Durante anos, trouxe flores para dentro de casa.

Achava poética a ideia das flores, tão efémeras, morrerem acompanhadas e contempladas.

Faziam-me bem as cores do campo em casa.

Cheguei a exagerar nas mimosas, completamente inebriada pela minha tonalidade de amarelo preferida.

A Beatriz cresceu e, nem sei bem a razão, perdi o hábito.

Talvez saiba porquê: o meu quintal está totalmente selvagem, numa autogestão que me surpreende com orégãos e espinafres, mas também com urtigas, folhas secas e ervas daninhas.

Quando vi a imagem desta cozinha, percebi que tinha de mudar.

Eu quero estas cores, de novo, na minha vida!

A ideia da prateleira com flores e livros na cabeceira da cama já está anotada.

Será que os meus gatos não irão delirar com a ideia de uma ponte florida?

Estas plantas parecem sobreviver a um cão.

Pelo menos nos minutos que demorou a tirar a fotografia…

O próximo passo é tratar do meu terraço e do meu quintal; só assim terei um fornecedor esplendoroso e gratuito de flores.

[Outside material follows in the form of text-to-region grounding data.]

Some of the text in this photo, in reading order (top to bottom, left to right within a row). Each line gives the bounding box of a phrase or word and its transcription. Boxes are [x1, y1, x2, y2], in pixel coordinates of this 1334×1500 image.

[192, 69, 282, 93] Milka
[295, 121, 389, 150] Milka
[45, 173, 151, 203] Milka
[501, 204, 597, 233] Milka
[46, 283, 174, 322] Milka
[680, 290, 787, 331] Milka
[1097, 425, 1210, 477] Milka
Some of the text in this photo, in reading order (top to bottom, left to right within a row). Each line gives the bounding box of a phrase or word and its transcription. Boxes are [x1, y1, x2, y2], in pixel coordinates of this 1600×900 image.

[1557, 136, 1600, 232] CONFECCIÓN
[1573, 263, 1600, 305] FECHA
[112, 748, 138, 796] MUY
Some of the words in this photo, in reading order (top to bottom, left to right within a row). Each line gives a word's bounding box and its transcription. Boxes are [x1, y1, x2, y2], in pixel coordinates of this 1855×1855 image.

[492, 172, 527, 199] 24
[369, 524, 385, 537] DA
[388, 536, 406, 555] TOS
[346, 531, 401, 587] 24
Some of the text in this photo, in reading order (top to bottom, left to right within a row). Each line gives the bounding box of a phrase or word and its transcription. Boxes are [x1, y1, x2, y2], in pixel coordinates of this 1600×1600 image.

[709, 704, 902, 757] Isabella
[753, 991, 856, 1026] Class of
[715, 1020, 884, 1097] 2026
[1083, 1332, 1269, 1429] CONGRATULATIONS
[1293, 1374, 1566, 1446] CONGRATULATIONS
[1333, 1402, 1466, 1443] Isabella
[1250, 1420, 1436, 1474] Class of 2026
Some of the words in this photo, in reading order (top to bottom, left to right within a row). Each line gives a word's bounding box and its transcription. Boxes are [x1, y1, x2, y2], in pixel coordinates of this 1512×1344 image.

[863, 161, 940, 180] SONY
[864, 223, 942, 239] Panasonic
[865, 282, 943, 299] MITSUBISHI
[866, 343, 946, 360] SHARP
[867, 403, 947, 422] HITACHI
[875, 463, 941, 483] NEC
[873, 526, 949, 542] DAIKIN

Tenho de encontrar motivação para enfrentar o monstro verde.

O meu subconsciente é retorcido.

Há poucos anos, só fui arrancar as ervas do quintal quando fui atingida por um surto de inveja pela Anita, ao ler o livro Anita e o Jardim. Achei que eu, Ana, não era menos do que aquela menina rosadinha e dinâmica e pus mãos à obra.

Agora, espero que estas fotografias de sonho resultem, mas tenho de admitir que os sentimentos que me deixam verde por dentro são bem mais eficazes.

As fotografias são Laugh at you.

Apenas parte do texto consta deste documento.